● **PROBLEM STATEMENT**: Skip any image you find and restate the rest of the data word for word.

** DATASET RECORDS follows **

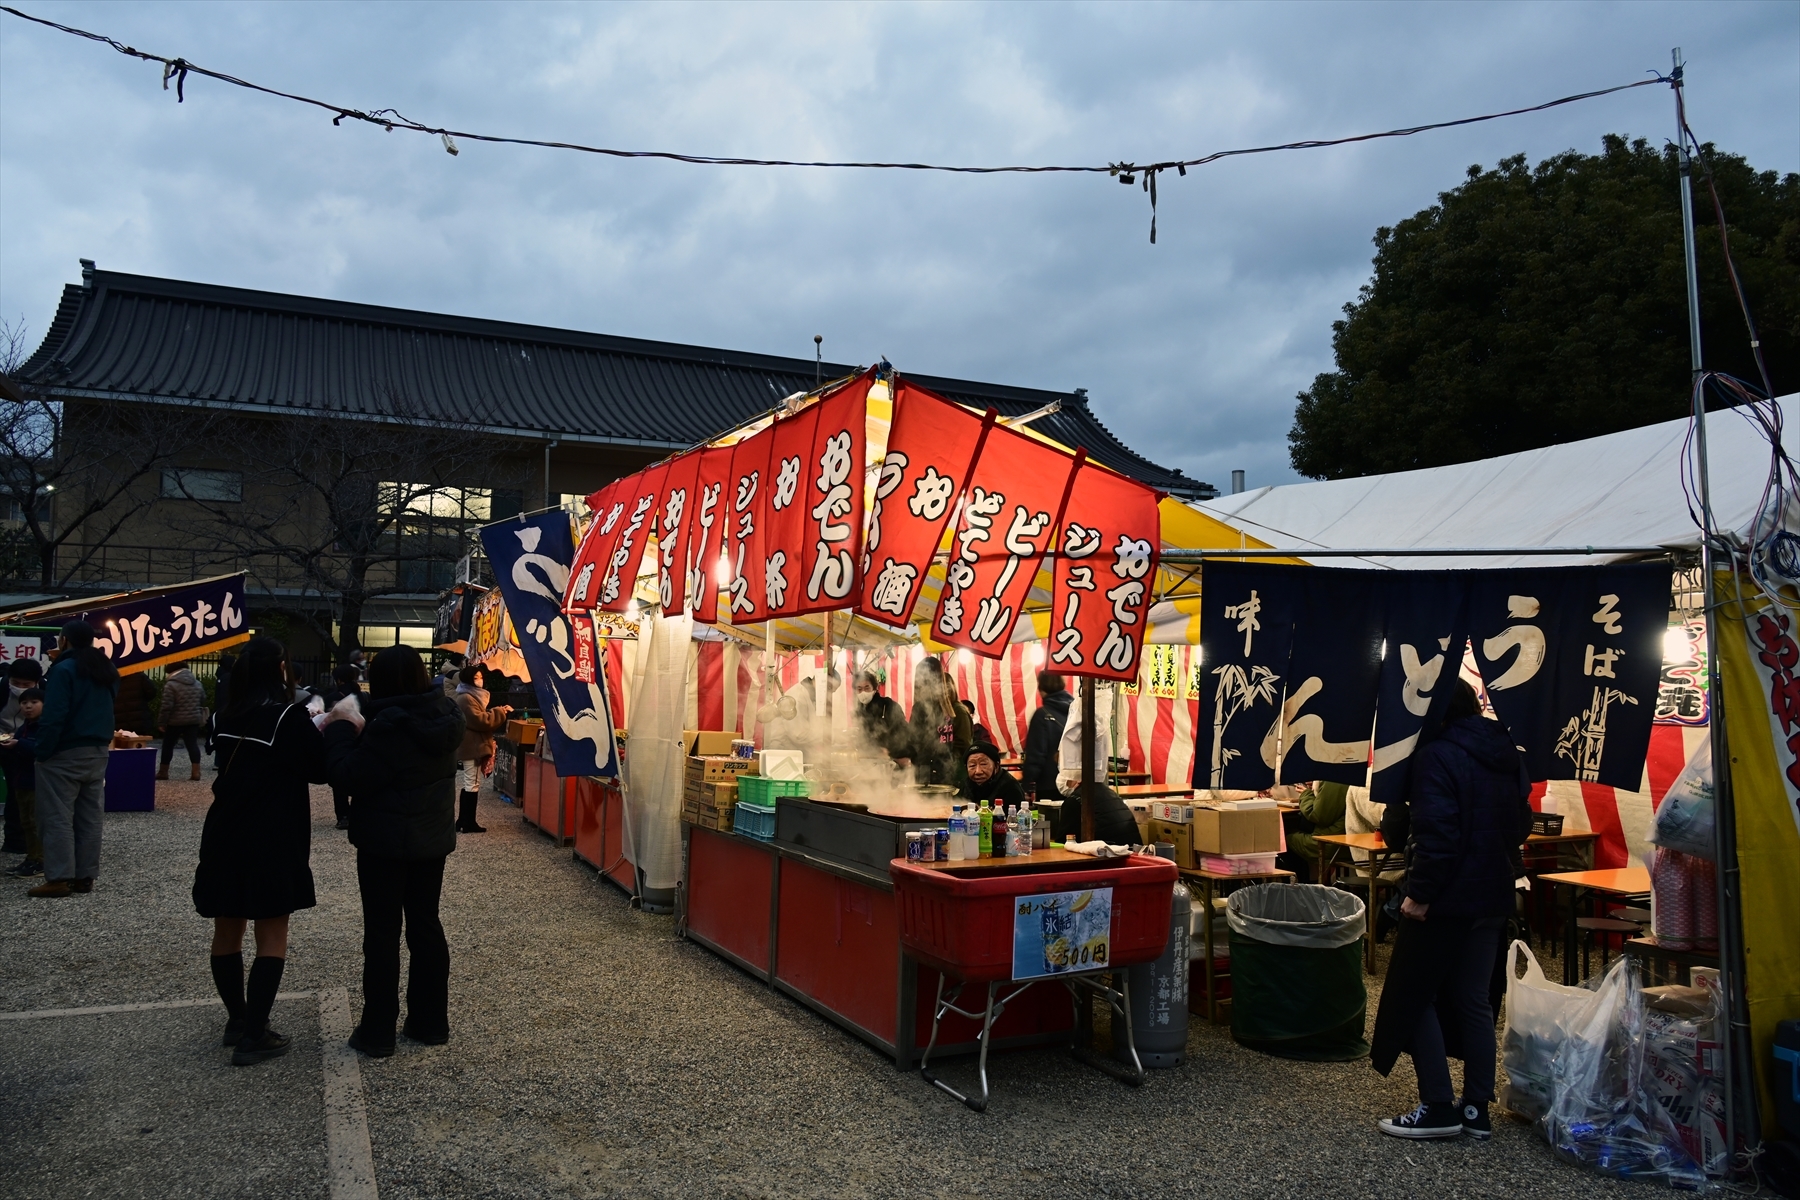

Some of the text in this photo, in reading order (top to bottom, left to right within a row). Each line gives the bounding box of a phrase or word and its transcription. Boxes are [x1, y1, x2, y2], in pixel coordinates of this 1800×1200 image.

[603, 494, 654, 603] どてやき
[660, 488, 686, 609] おでん
[690, 482, 721, 611] ビール
[729, 470, 759, 615] ジュース
[766, 454, 801, 610] お茶
[807, 429, 854, 601] おでん
[873, 465, 954, 616] お酒
[939, 486, 1005, 636] どてやき
[969, 505, 1050, 644] ビール
[1051, 522, 1102, 666] ジュース
[1094, 535, 1152, 671] おでん
[1224, 589, 1262, 658] 味
[1583, 593, 1625, 680] そば
[1045, 913, 1072, 934] 氷結
[1061, 943, 1107, 966] 500円
[1157, 975, 1170, 1025] 京都工場
[1657, 1095, 1694, 1124] ahi
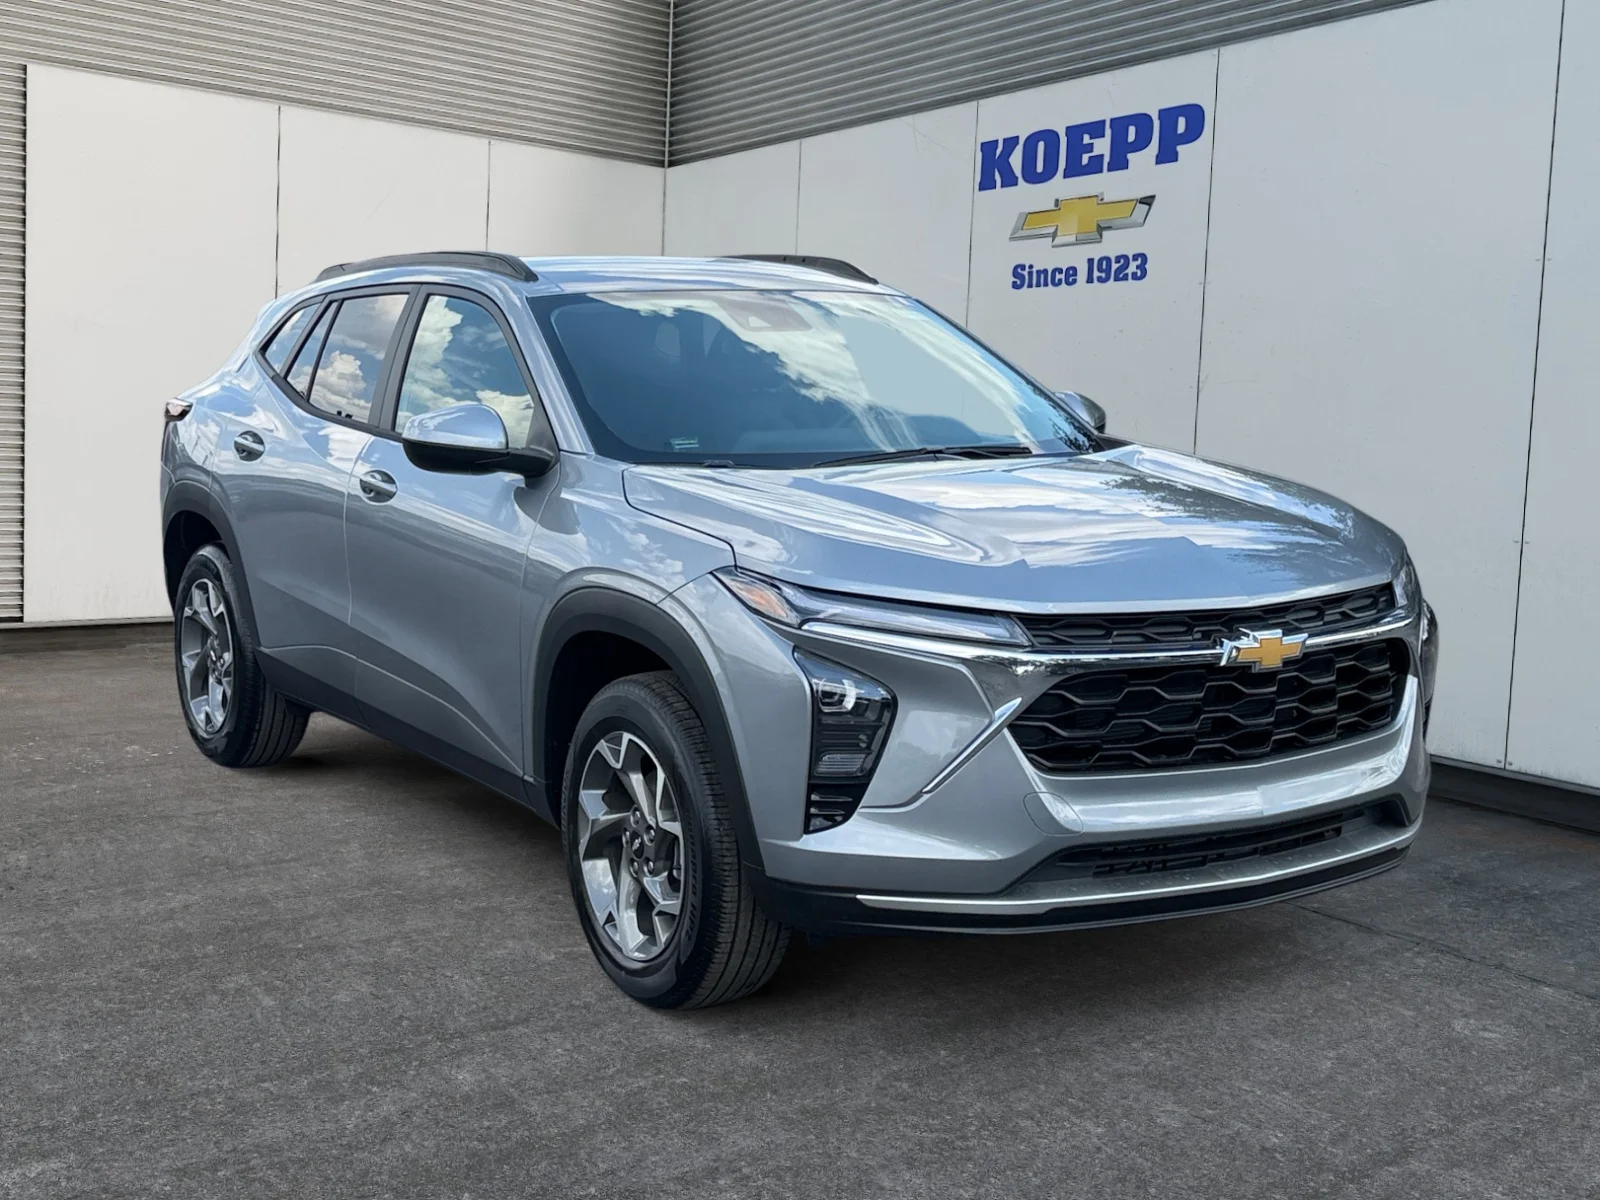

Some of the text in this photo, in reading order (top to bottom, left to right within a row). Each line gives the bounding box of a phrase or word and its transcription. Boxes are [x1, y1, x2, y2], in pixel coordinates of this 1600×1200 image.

[978, 103, 1205, 191] KOEPP
[1011, 252, 1148, 290] Since 1923

** End of DATASET RECORDS **

● **COMPLETED EXERCISE**:
Some of the text in this photo, in reading order (top to bottom, left to right within a row). Each line gives the bounding box of a phrase or word and its transcription. Boxes are [x1, y1, x2, y2], in pixel coordinates of this 1800×1200 image.

[603, 494, 654, 603] どてやき
[660, 488, 686, 609] おでん
[690, 482, 721, 611] ビール
[729, 470, 759, 615] ジュース
[766, 454, 801, 610] お茶
[807, 429, 854, 601] おでん
[873, 465, 954, 616] お酒
[939, 486, 1005, 636] どてやき
[969, 505, 1050, 644] ビール
[1051, 522, 1102, 666] ジュース
[1094, 535, 1152, 671] おでん
[1224, 589, 1262, 658] 味
[1583, 593, 1625, 680] そば
[1045, 913, 1072, 934] 氷結
[1061, 943, 1107, 966] 500円
[1157, 975, 1170, 1025] 京都工場
[1657, 1095, 1694, 1124] ahi

Some of the text in this photo, in reading order (top to bottom, left to right within a row). Each line gives the bounding box of a phrase or word and its transcription. Boxes are [x1, y1, x2, y2], in pixel coordinates of this 1600×1200 image.

[978, 103, 1205, 191] KOEPP
[1011, 252, 1148, 290] Since 1923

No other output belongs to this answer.